You’ve probably also, at least once, been asked to work off the clock.
Well, on Tuesday the Pennsylvania Supreme Court ruled that Walmart and Sam’s Club workers were entitled to unpaid wages for both skipping their breaks and working off the clock, a decision that made this former hourly worker very happy.
As the Philadelphia Inquirer put it:
Workers at Walmart and Sam’s Club stores in Pennsylvania who worked off the clock and when they were supposed to be on break, or who were forced to skip their breaks, will receive $151 million in unpaid wages and damages, Pennsylvania’s Supreme Court ruled Monday, upholding lower- and appellate-court decisions.
The case affects nearly 187,000 people employed by Wal-Mart Stores Inc. from March 1998 through April 2006.

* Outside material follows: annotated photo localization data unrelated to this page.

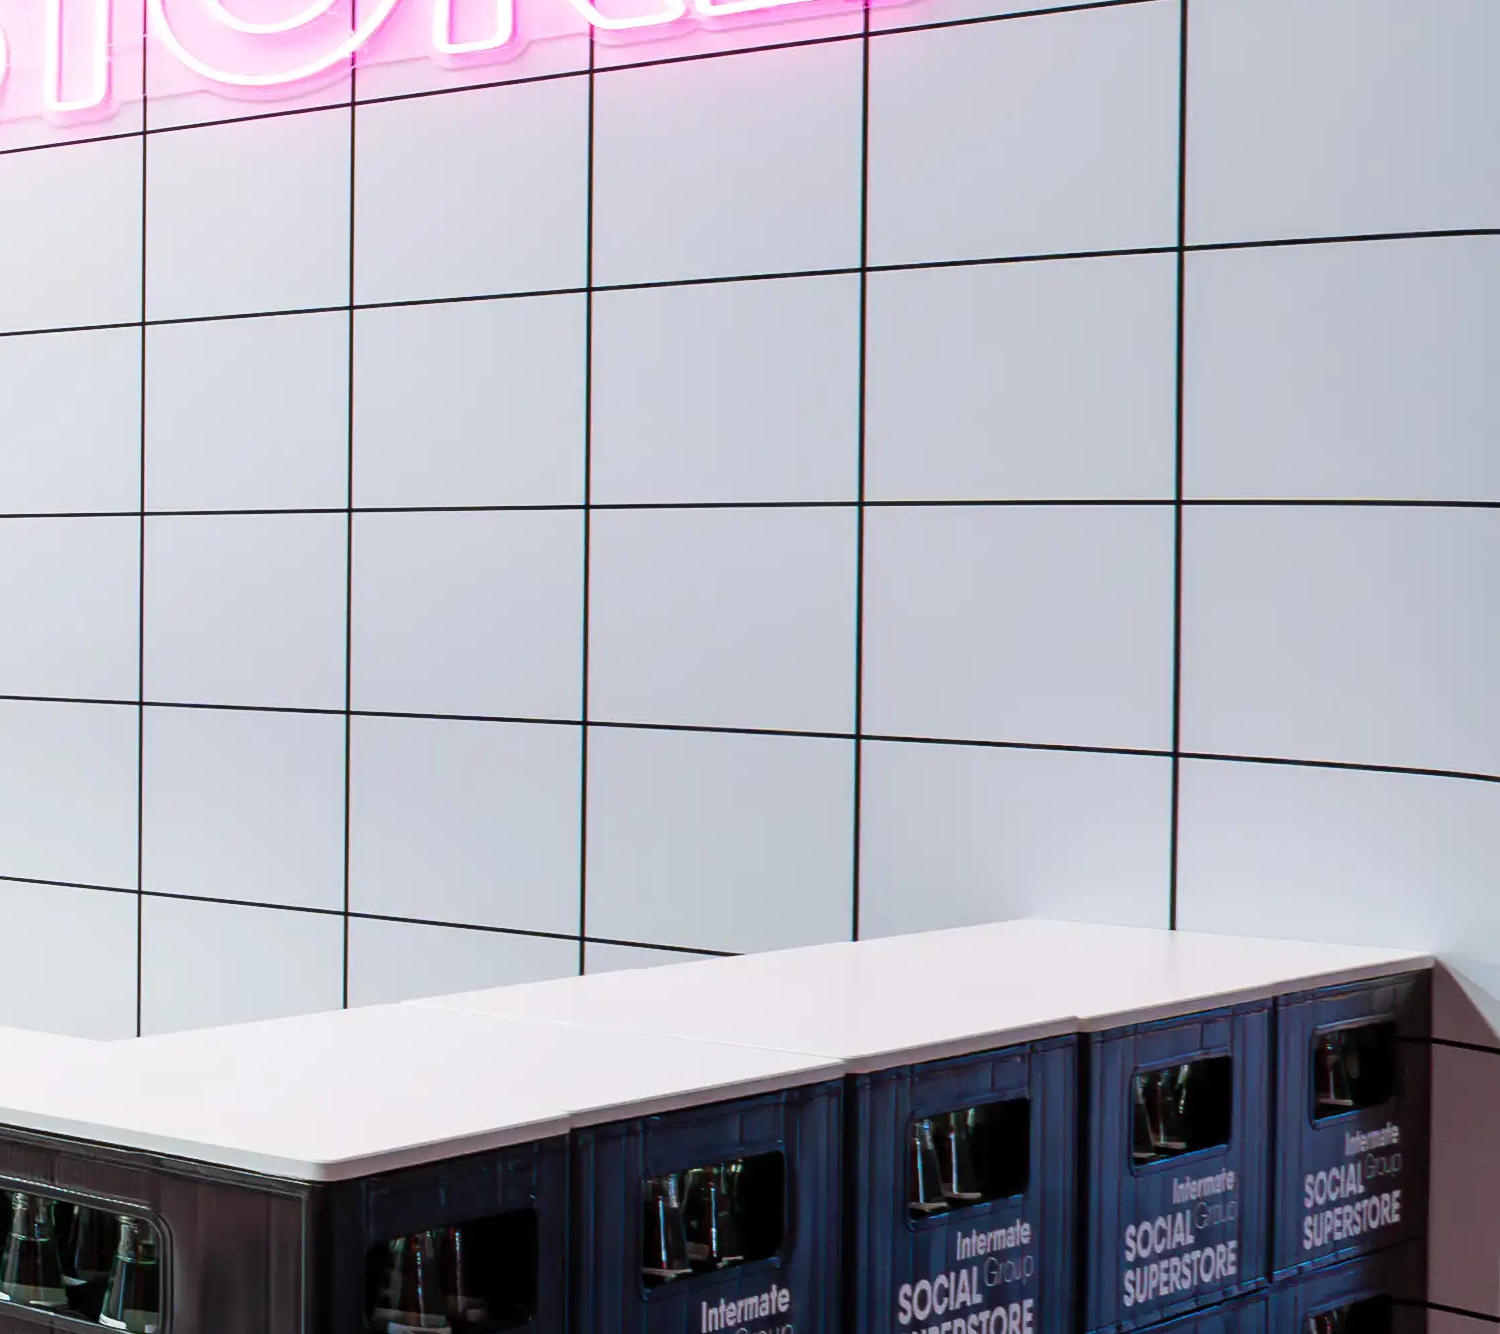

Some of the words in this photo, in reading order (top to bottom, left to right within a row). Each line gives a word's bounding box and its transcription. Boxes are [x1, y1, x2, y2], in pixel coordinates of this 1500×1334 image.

[1196, 1201, 1237, 1229] Group
[1303, 1162, 1364, 1218] SOCIAL
[1125, 1210, 1194, 1262] SOCIAL
[1303, 1190, 1400, 1250] SUPERSTORE
[899, 1266, 982, 1324] SOCIAL
[985, 1255, 1034, 1286] Group
[1124, 1240, 1237, 1306] SUPERSTORE

In the interest of getting to the primary source, I accessed the text of the Pennsylvania Supreme Court’s decision through, of all places, their Twitter feed:
Braun v. Walmart – mo, do: http://www.pacourts.us/assets/opinions/Supreme/out/J-43A-2013mo%20-%201020442242915265.pdf?cb=1 … http://www.pacourts.us/assets/opinions/Supreme/out/J-43A-2013do%20-%201020442242915276.pdf?cb=1 …
The decision contains fewer quotable gems than the Supreme Court Integrity Staffing Solutions decision I cited last week; instead of going into the philosophy of “but what is a break, anyway?” the Pennsylvania Supreme Court basically runs down the checklist of “did Walmart manage employee breaks appropriately? NOPE.” You can read it yourself if you want; there’s not much to say about it.
What does this mean for Walmart? Reuters explains:
Monday’s ruling on the class-action lawsuit will reduce Wal-Mart’s earnings for the quarter ending on Jan. 31 by 6 cents a share, the company said in a securities filing. That amounts to roughly 4 percent of its profit forecast of $1.46 to $1.56 for the period.
Reuters also notes that Walmart might appeal the decision, which would put it in the Supreme Court’s hands. I’m assuming that means the employees won’t get their payouts until the appeal has been sorted out, which is unfortunate. But we’ll see what happens.
Until then, please share your stories about skipping breaks and working off the clock, because we’ve all got ‘em.